PROBLEM DETAILS :: Precisely the lines from the one with "Some of the words" through the end of the data, both included, must make up the response, each restated word for word.

[RECORDS SHOWN Boundary: Start]

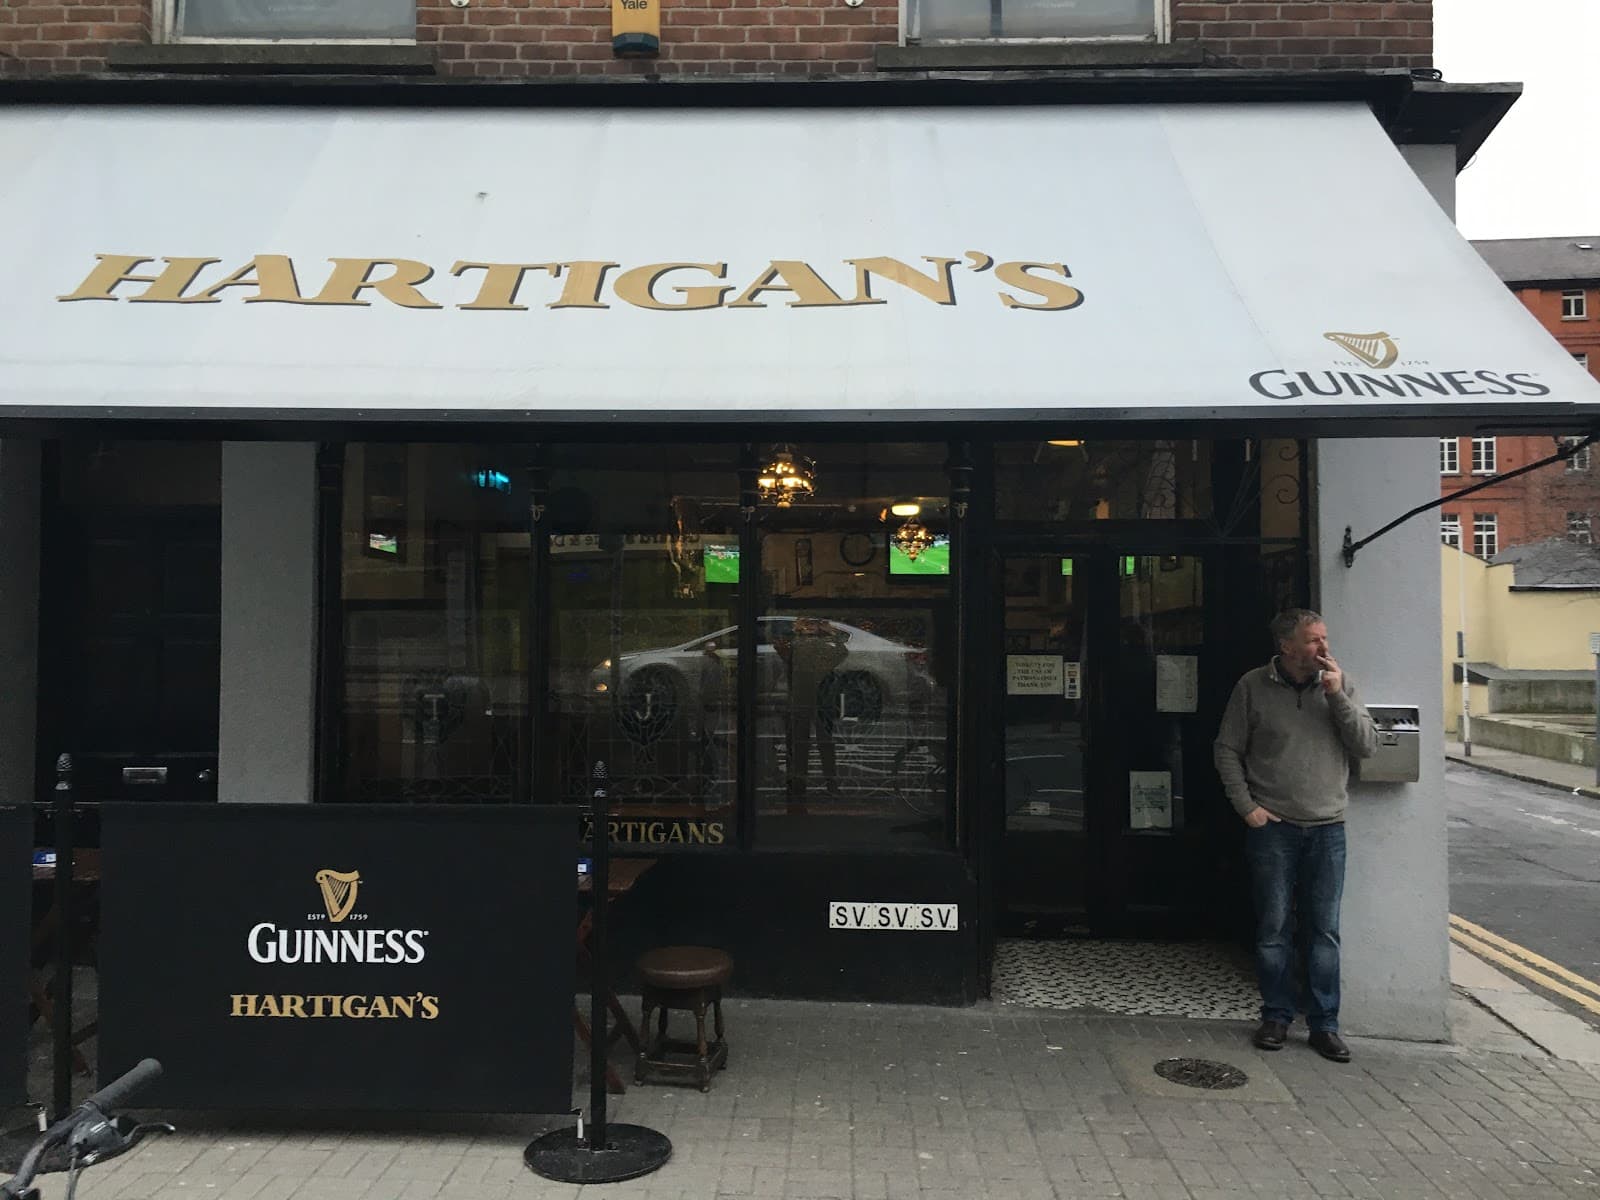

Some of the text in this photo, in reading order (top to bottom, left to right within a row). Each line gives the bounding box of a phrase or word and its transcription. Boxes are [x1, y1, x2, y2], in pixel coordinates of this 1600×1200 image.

[621, 0, 648, 10] Yale
[57, 250, 1085, 312] HARTIGAN'S
[1248, 368, 1550, 399] GUINNESS
[582, 821, 725, 845] ARTIGANS
[247, 921, 426, 964] GUINNESS
[230, 991, 440, 1020] HARTIGAN'S
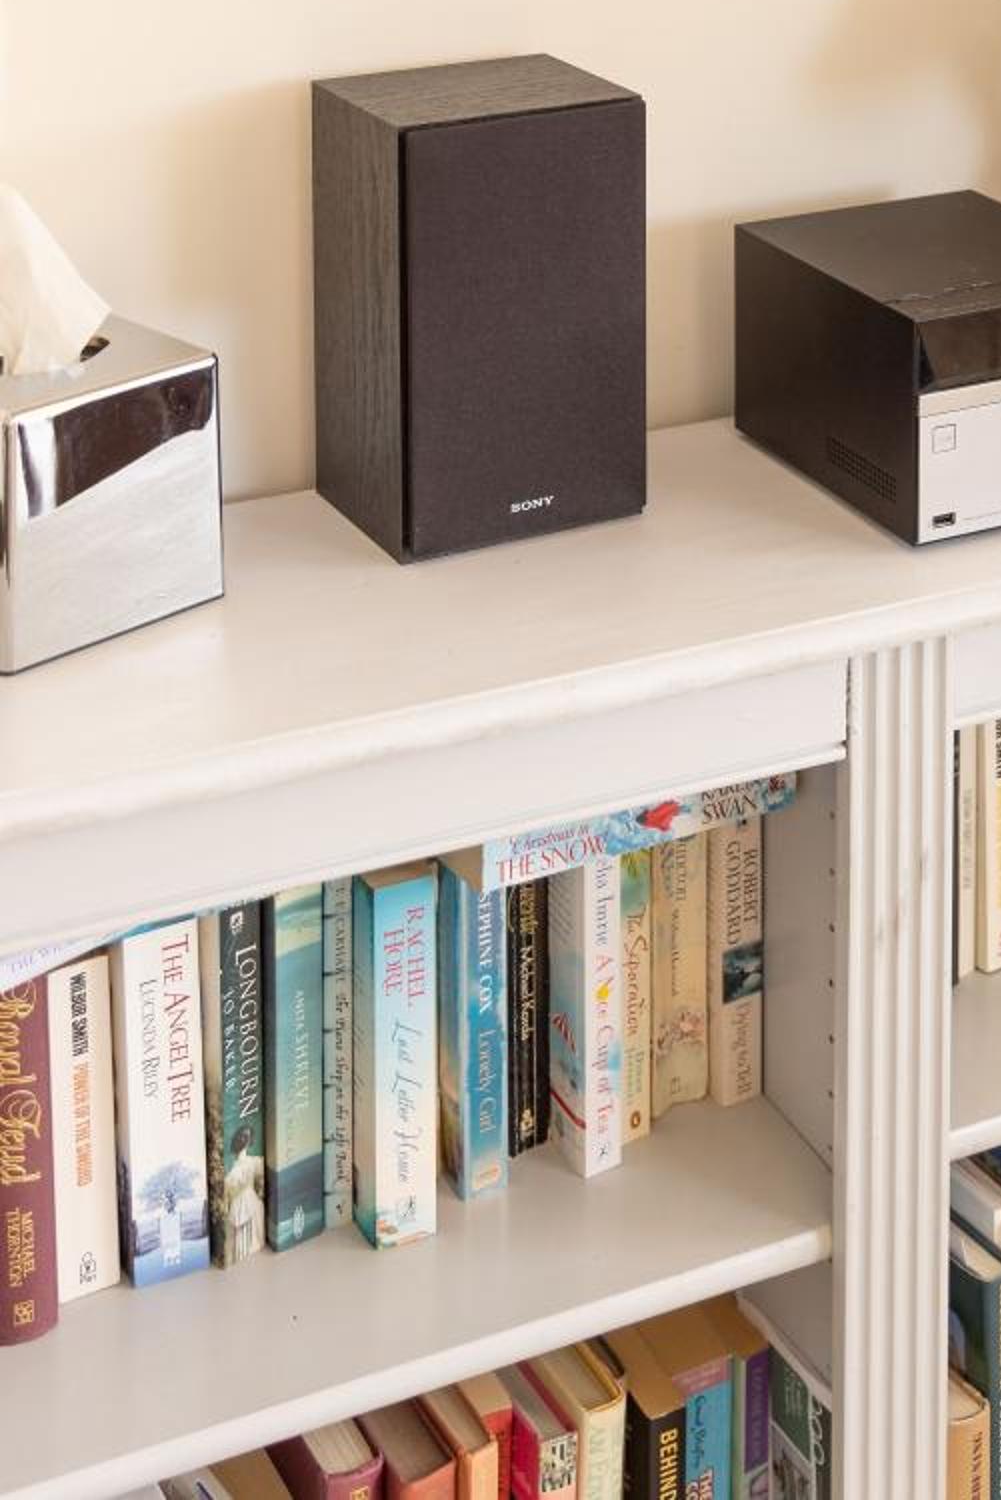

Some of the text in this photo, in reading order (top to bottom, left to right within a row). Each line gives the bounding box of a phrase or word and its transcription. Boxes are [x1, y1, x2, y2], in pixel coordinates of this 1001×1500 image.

[510, 494, 555, 514] SONY
[701, 794, 760, 826] SWAN
[496, 834, 607, 883] THE SNOW
[726, 839, 743, 947] GODDARD
[743, 848, 760, 924] ROBERT
[406, 905, 426, 1008] RACHEL
[478, 895, 495, 965] SEPHINE
[597, 954, 613, 973] A
[68, 971, 89, 1017] WILBUR
[478, 974, 494, 1015] COX
[519, 944, 537, 998] Michael
[0, 978, 39, 1086] Royal
[71, 1017, 90, 1058] SMITH
[138, 978, 162, 1102] LUCINDA RILEY
[161, 933, 195, 1125] THE ANGEL TREE
[222, 987, 237, 1094] JO BAKER
[234, 941, 259, 1120] LONGBOURN
[293, 1030, 310, 1110] SHREVE
[0, 1088, 43, 1187] Feud
[4, 1205, 24, 1288] THORNTON
[20, 1209, 36, 1277] MICHAEL
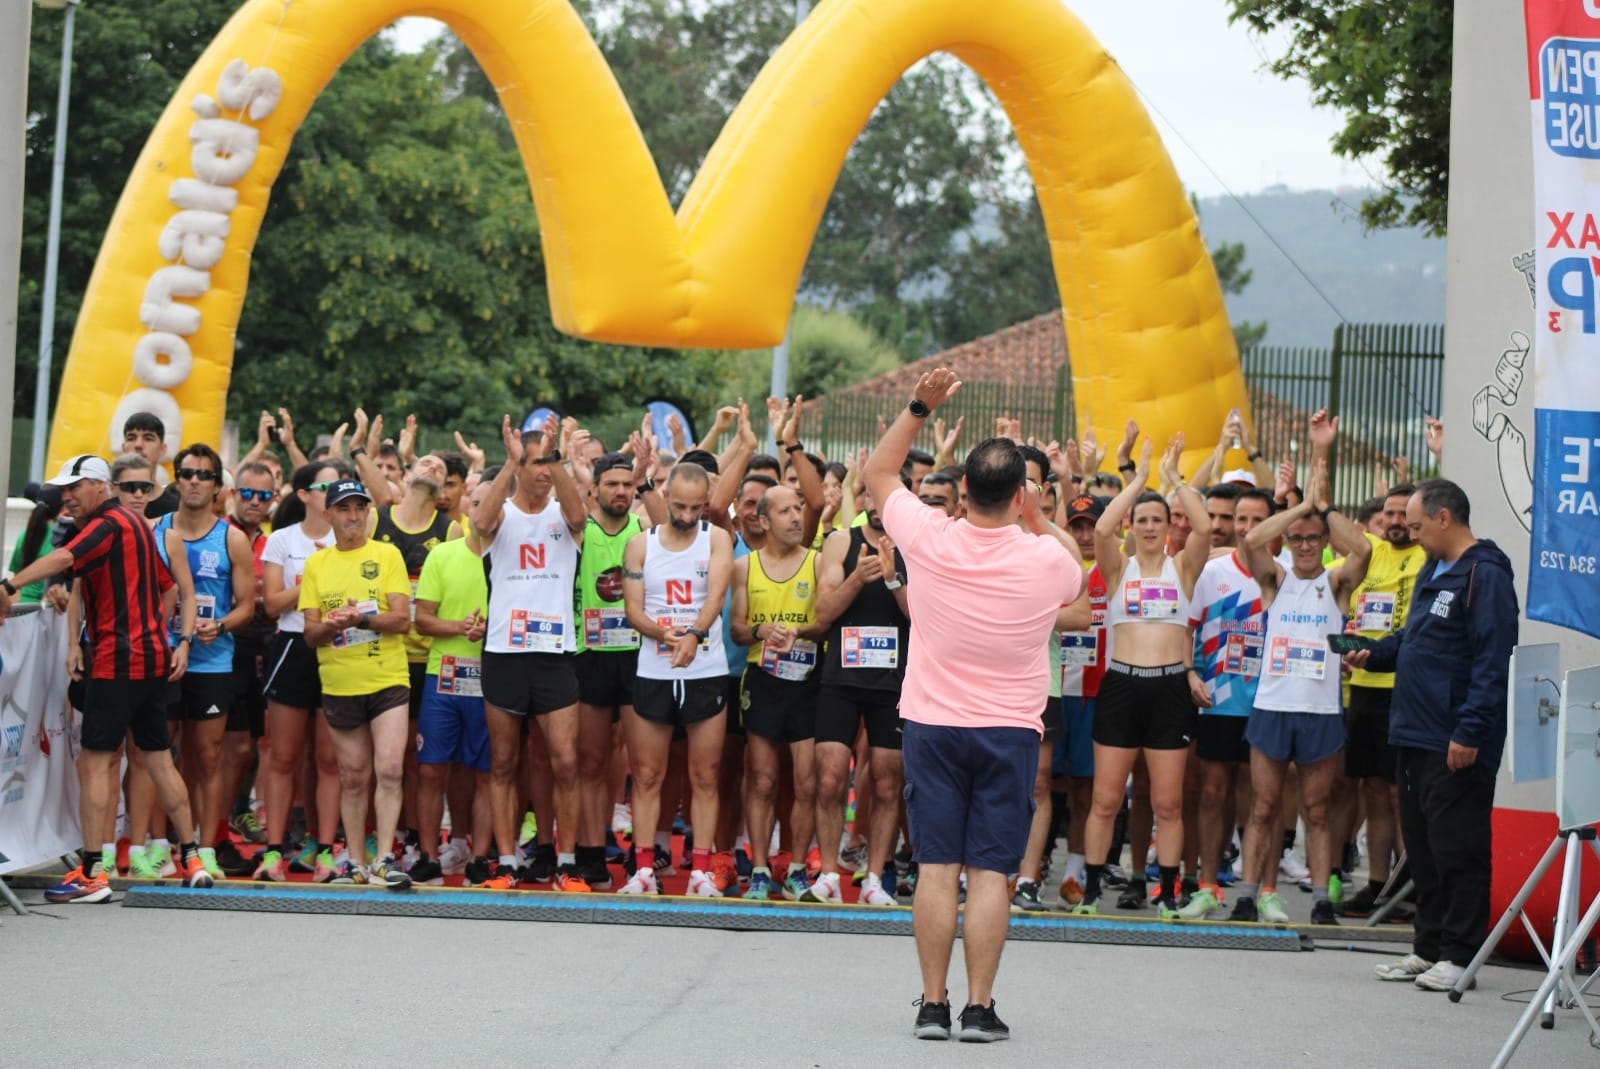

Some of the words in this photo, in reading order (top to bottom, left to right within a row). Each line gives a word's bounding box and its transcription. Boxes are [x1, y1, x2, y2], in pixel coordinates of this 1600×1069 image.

[519, 543, 545, 570] N
[666, 580, 692, 606] N
[539, 621, 553, 633] 60
[616, 617, 623, 627] 7
[869, 637, 888, 648] 173
[1075, 636, 1083, 646] 3
[788, 651, 807, 662] 175
[1300, 648, 1314, 659] 90
[1132, 666, 1163, 678] PUMA

[RECORDS SHOWN Boundary: End]

TASK RESULT ::
Some of the words in this photo, in reading order (top to bottom, left to right within a row). Each line gives a word's bounding box and its transcription. Boxes are [x1, y1, x2, y2], in pixel coordinates of this 1600×1069 image.

[519, 543, 545, 570] N
[666, 580, 692, 606] N
[539, 621, 553, 633] 60
[616, 617, 623, 627] 7
[869, 637, 888, 648] 173
[1075, 636, 1083, 646] 3
[788, 651, 807, 662] 175
[1300, 648, 1314, 659] 90
[1132, 666, 1163, 678] PUMA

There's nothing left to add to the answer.